The search for hot guitar and cool licks took up an inordinate part of my teen years. An incendiary lead break with that elusive WTF?! factor might be found on odd sides, rescuing songs otherwise destined for the audio dustbin. When Jimi Hendrix and the Yardbirds inhabited the Top 40 the quest became easier, especially with the Isley Brothers, Mitch Ryder, the Temptations and Rotary Connection joining them on the air.
The Connection was an industry construction featuring diva Minnie Riperton, but their main attraction for me was the massive guitar of Pete Cosey, who played searing blues licks with a psychedelic dimension. Pete’s lines were unpredictable and larger than terrestrial life, clearly aligned with the Hendrix wing of the blues party but with a unique personal twist. Howlin’ Wolf and Muddy Waters were perennial favorites, and when Chess released the notorious The Howlin’ Wolf Album and Electric Mud I ran out to get them. The purist in me hated the “groovy” veneer, but that part of my soul that craved sonic extremes was thrilled at the wah-wah vocalizations and sneering fuzz of Cosey’s leads, not to mention his sitar. The Wolf record provided one of my favorite quotes of the era, also courtesy of Cosey: “Howlin’ Wolf looked at me and he said, ‘Why don’t you take them wah-wahs and all that other shit and go throw it off in the lake-on your way to the barbershop?'”
I began to search for Cosey’s playing and found it in such unlikely places as John Klemmer’s Blowin’ Gold, the soft-lite saxman’s funkiest album. He played many sessions but was often uncredited. When Cosey surfaced with Miles Davis in 1975 on Agharta, it promised apocalyptic joy.
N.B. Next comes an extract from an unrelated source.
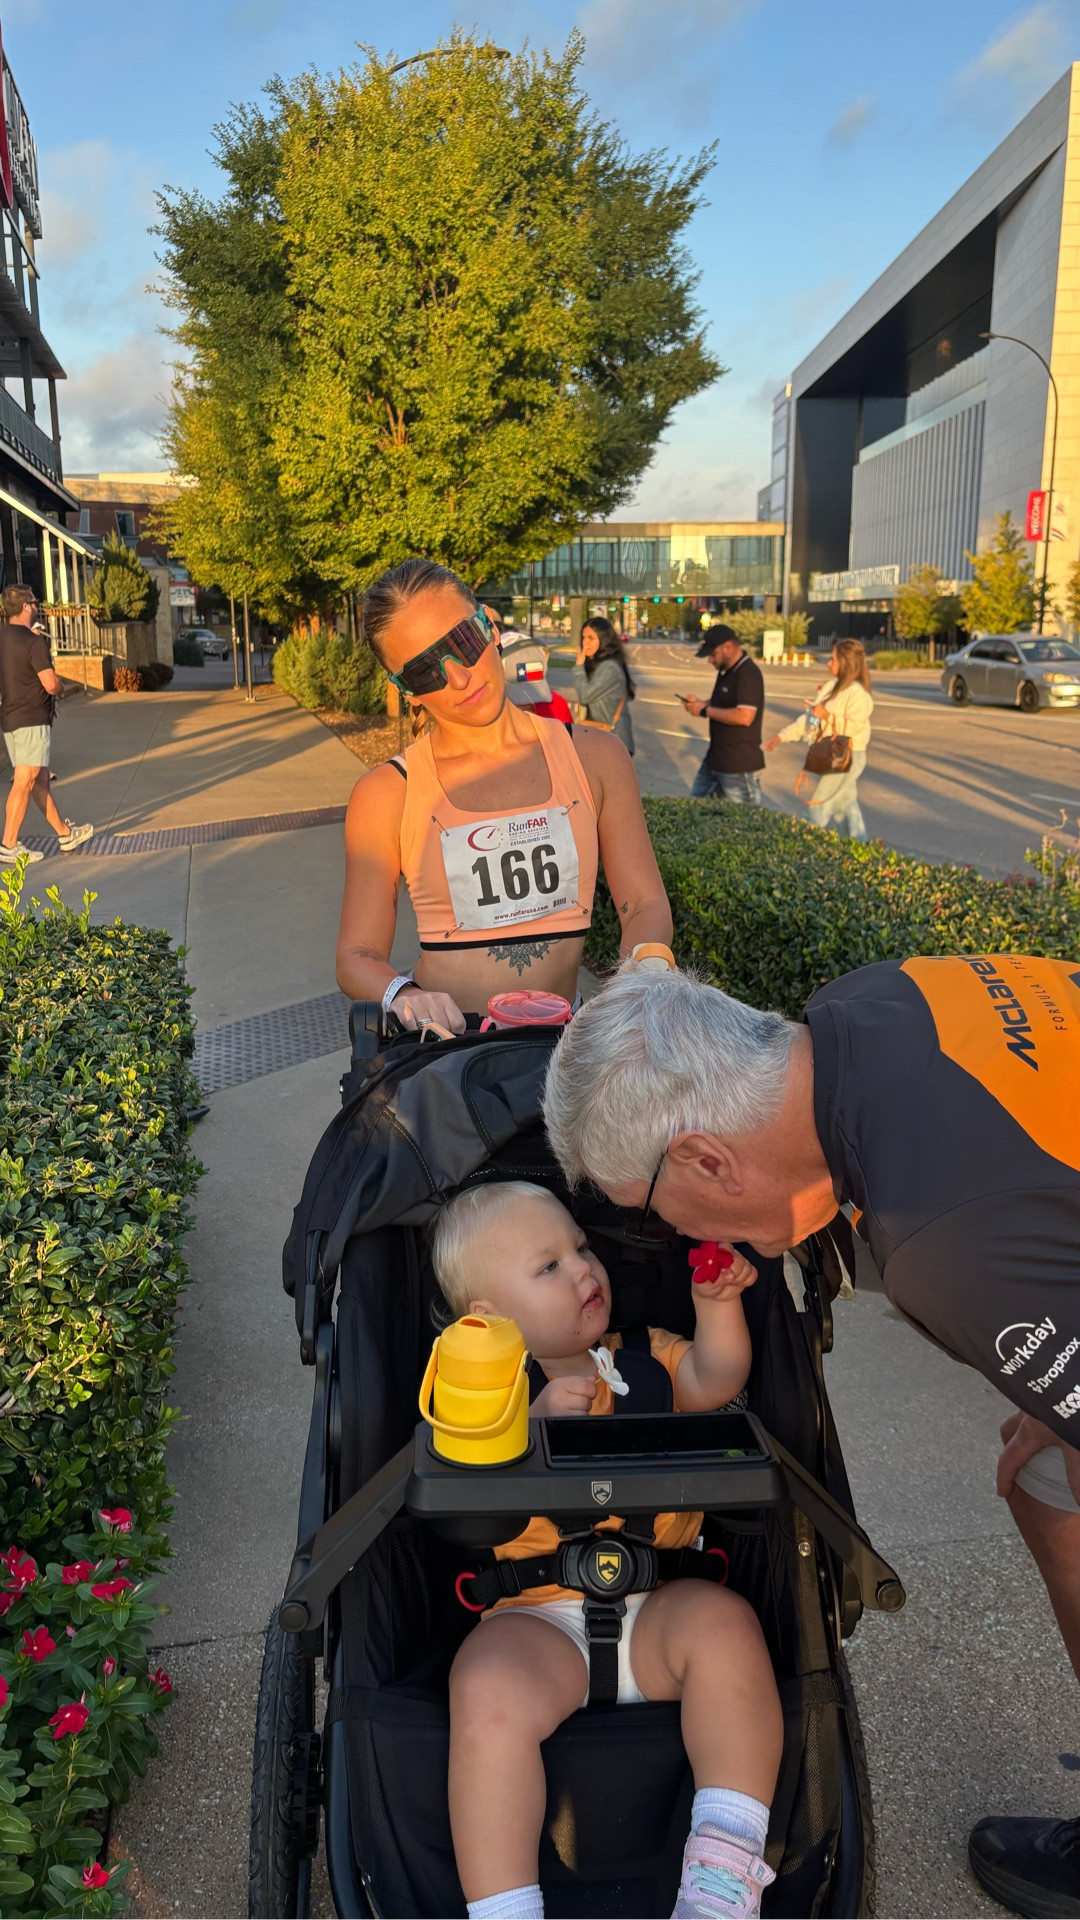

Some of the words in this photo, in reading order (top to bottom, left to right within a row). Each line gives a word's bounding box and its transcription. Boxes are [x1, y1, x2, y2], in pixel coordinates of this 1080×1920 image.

These expectations were more than met by his combination of bebop phrasing and ripping blues licks that were twisted, filtered and vocalized with fuzz, wah, echo and ring modulation.
Pete could be heard not only on guitar but with an EMS VCS3 synthesizer to further mangle his guitar or add atmospheric textures to an already exotic soundscape. My friends and I eagerly sought out copies of Miles’ impossible to obtain (in Buffalo, anyway) Pangaea and Black Magus, and cassettes were passed hand-to-hand. I felt that Cosey was bridging two seemingly mutually exclusive worlds: the rarefied laboratories of Stockhausen and Xenakis and the Southside Chicago blues of Muddy and Wolf. In his hands there was no gulf between these realms: Cosey translated all of his sounds through his own sonic vision, one with the times and filled with the rhythm of the streets. One may see the parallel with such a visionary artist as Sun Ra: earthy and out of the blues but at home in the cosmos, conversing freely in alien languages.
I met Pete Cosey only once, briefly. In 1987 he joined Power Tools with Melvin Gibbs and Ronald Shannon Jackson, and they performed at the old Knitting Factory. Between sets I encountered Pete on the stairs and we spoke for a second about the Casio guitar synthesizer that he was using. He said it was “his orchestra.” He exuded intelligence and warmth, both qualities in abundance in his playing. Certainly he produced symphonic textures that night, but I can’t say I wasn’t disappointed in not hearing him shred a corner of the universe on his Strat or Morris Custom.
The news of his passing caught me by surprise, even though I had heard that he’d been ailing. I had been recording that day and was caught in the doldrums, unable to find a suitable strategy for completing a solo on a track I had built up. Calling a halt to work and holding a private memorial meditation for Pete Cosey, I searched for and watched a number of clips on the web. A stunner was Pete with Miles in Vienna, 1973, playing one of his uniquely tuned Vox 12-strings and making music so brilliant and incandescent that I was floored. Inspired, I was able to return to my task having asked the musical question, “What would Pete Cosey do?” and receiving a wealth of answers to choose from.